Here, we have the jagged ruins of Oldsmobile's “VerLinden Street Plant,” known on paper as the Lansing Car Body Assembly #4. It closed on May 6, 2005. Or was "shuttered," as the newspapers like to say, though I have never once seen a single shutter ever placed on a factory in my life.


It had been standing partially demolished since then, so I decided to go check it out since it seemed that demolition may have taken a pause. Like any good automotive plant, it was composed of older buildings that have been added-onto up until recent times.
 

The oldest two parts of this plant dated to 1901 and 1920, and housed the Durant Motor Co. from 1921 to 1932. When General Motors founder William "Billy" Durant lost control of GM for the second time, this was his bid for reentry into the automobile business. He had this plant built along VerLinden Avenue (named for Edward VerLinden, Oldsmobile's first factory manager), but even the Durant Motor Co. failed due to the Great Depression.

In 1935 Fisher Body Division took over this complex, and later still it was the site for Cadillac-Olds-Buick production.


It was expanded to fill the entire city block over time, and finally comprised a total of 2,630,000 square feet of space. The HAER's Lower Peninsula of Michigan Inventory of Historic Engineering and Industrial Sites calls the c.1920 plant "an excellent example of the construction of long, narrow assembly plants in reinforced concrete."


The final products to roll off the line at this plant were the Chevy Malibu/Classic, Pontiac Grand Am, and Pontiac G6. It stamped its cars with the VIN code “M,” so if you happen to own a Chevy, or Pontiac with an “M” in the VIN, then it was built here at VerLinden.

When it closed down in 2005, it was the longest-operating automobile factory in the world, having been in business for 104 consecutive years.


You’ve seen the old crumbling ruins of archaic auto plants like the Packard, but this is something entirely different; an updated, modern auto plant—one that should still be producing cars—ground to a halt and silenced, body panels still hanging from its conveyors. 


Except this plant has actually been making cars since before the Packard; this is what the Packard Plant would look like today if it had been kept in production, and continually updated and modernized. 
 

They said that the robot would spell the death of the auto worker, but who would have guessed we would also see the day these robots sat idle in the dark, collecting dust on a soggy Lansing afternoon?


Thanks to the ongoing cluelessness of the Big Three automakers--and Michigan’s continued reliance upon them--our state again began slipping into the depths of bankruptcy and ruin in the early 2000s while some Canadian lawyer lady (Governor Granholm) promised to the contrary that we would soon be "blown away" by the positive changes she was making.

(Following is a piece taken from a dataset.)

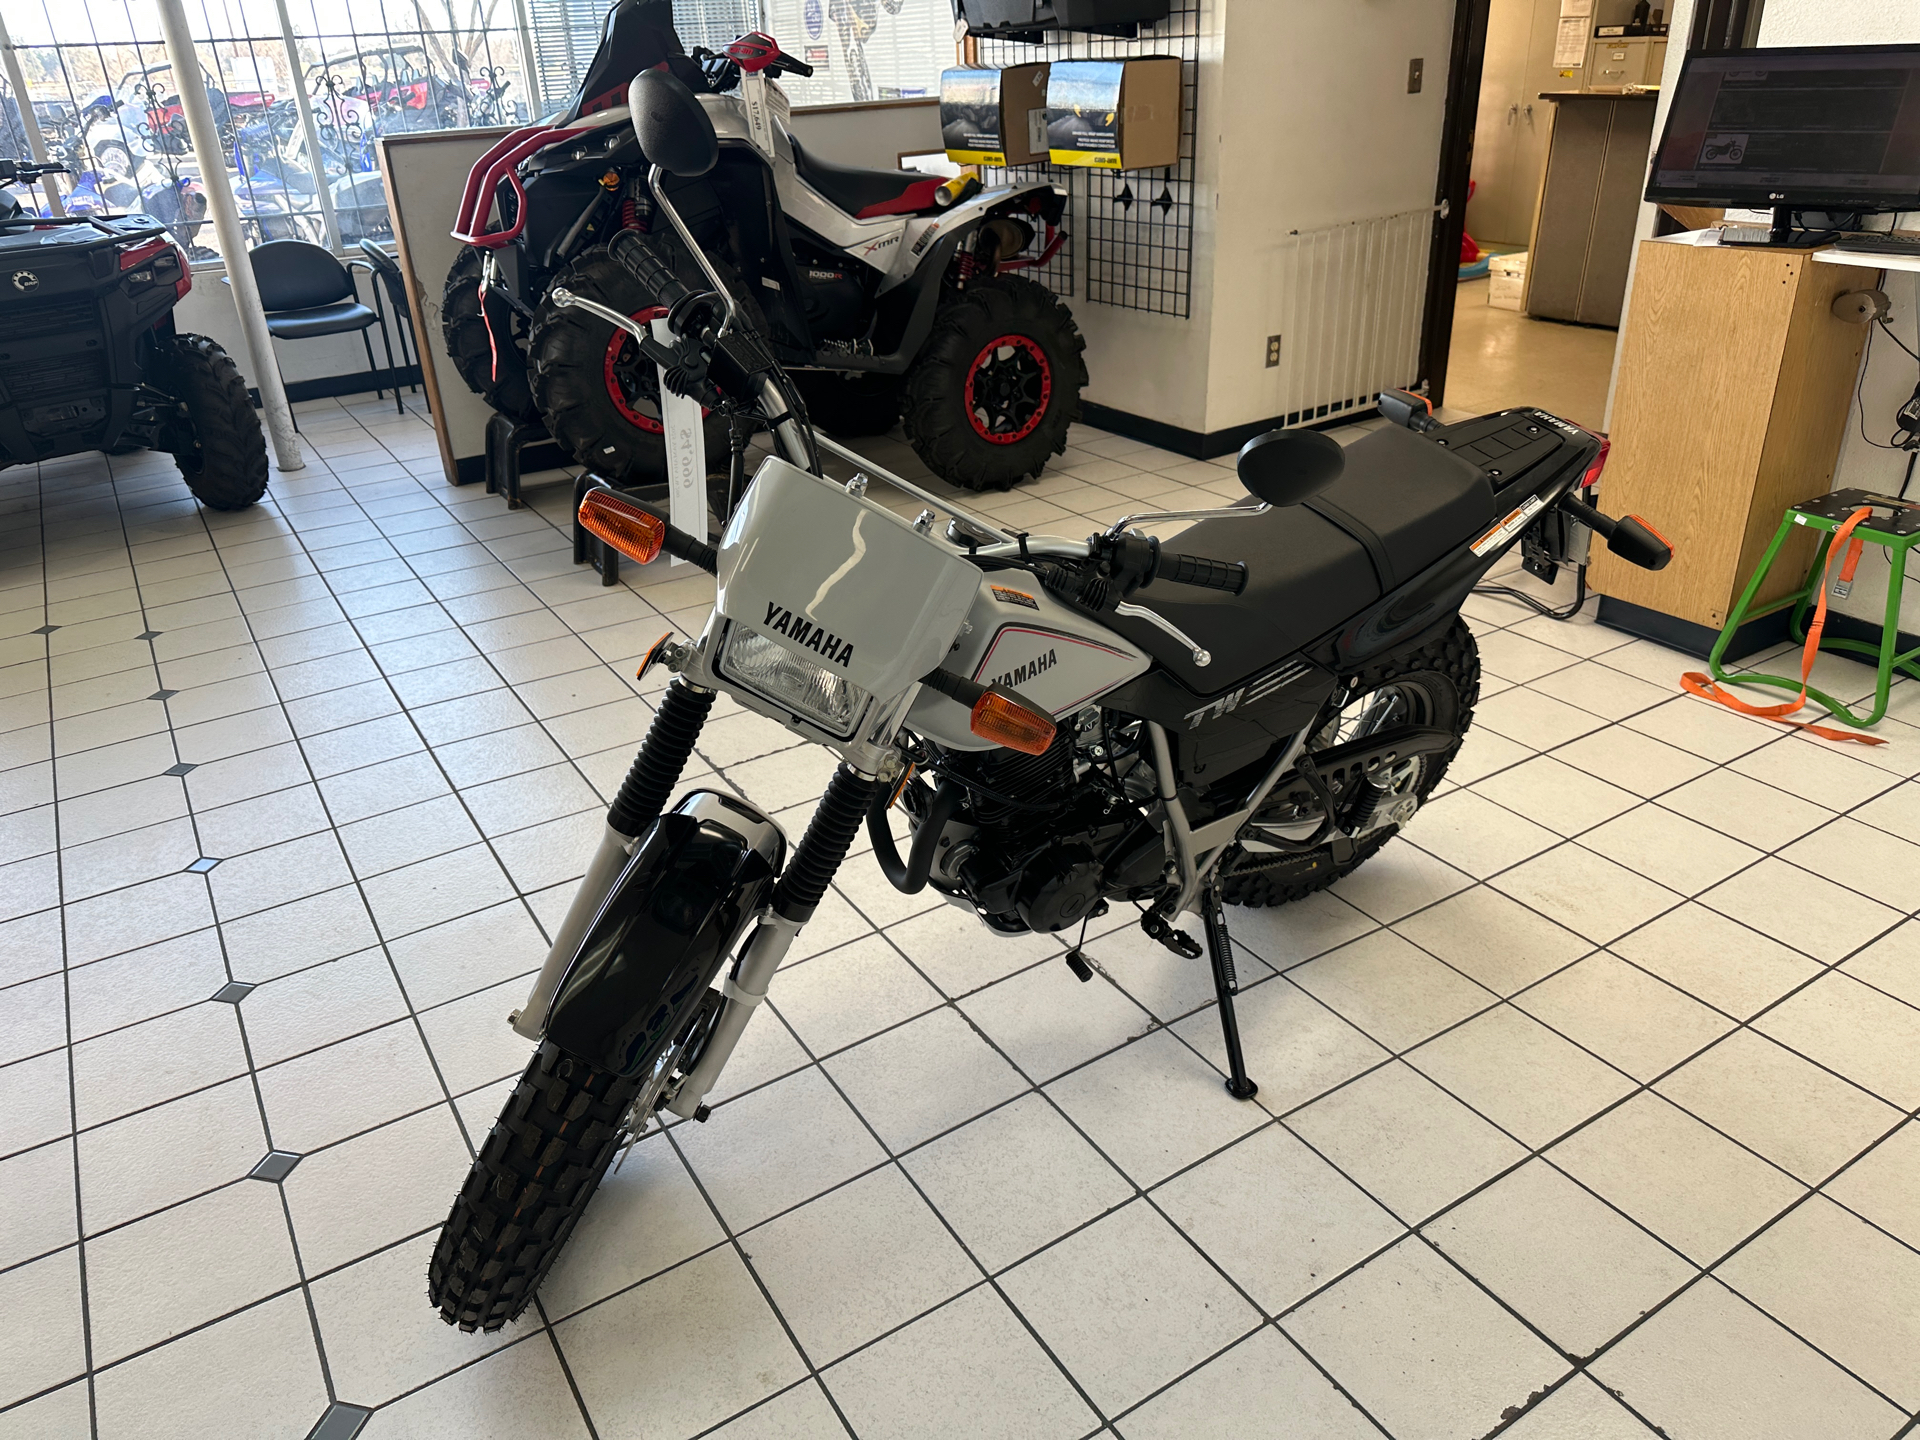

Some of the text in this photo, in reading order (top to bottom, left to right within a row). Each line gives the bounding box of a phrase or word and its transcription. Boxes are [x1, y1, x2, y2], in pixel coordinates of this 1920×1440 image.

[809, 270, 843, 279] 1000R
[1534, 411, 1579, 435] YAMAHA
[763, 601, 854, 668] YAMAHA
[1183, 687, 1246, 730] TW

But all through 2006, all we heard about was endless layoffs and plant closures….yeah, we were blown away alright.


And who do they blame for the backslide...? 


Us. The suckers who “Bought American” since the ‘70s even though we knew they were inferior cars, just because it was the patriotic thing to do, and because manufacturing is our lifeblood here in Michigan. The Big Three blamed us for not buying American, while they themselves went to poorer countries to outsource our jobs to people for abusively low wages, and while the foreign carmakers built plants in America, in "Sun Belt" states that guaranteed a "right" to work (wink, wink).

And meanwhile Michigan crumbled, and the UAW pointed fingers, and the companies pointed fingers back, and the unemployed screamed at both of them, and the politicians dined on filet mignon with the bankers.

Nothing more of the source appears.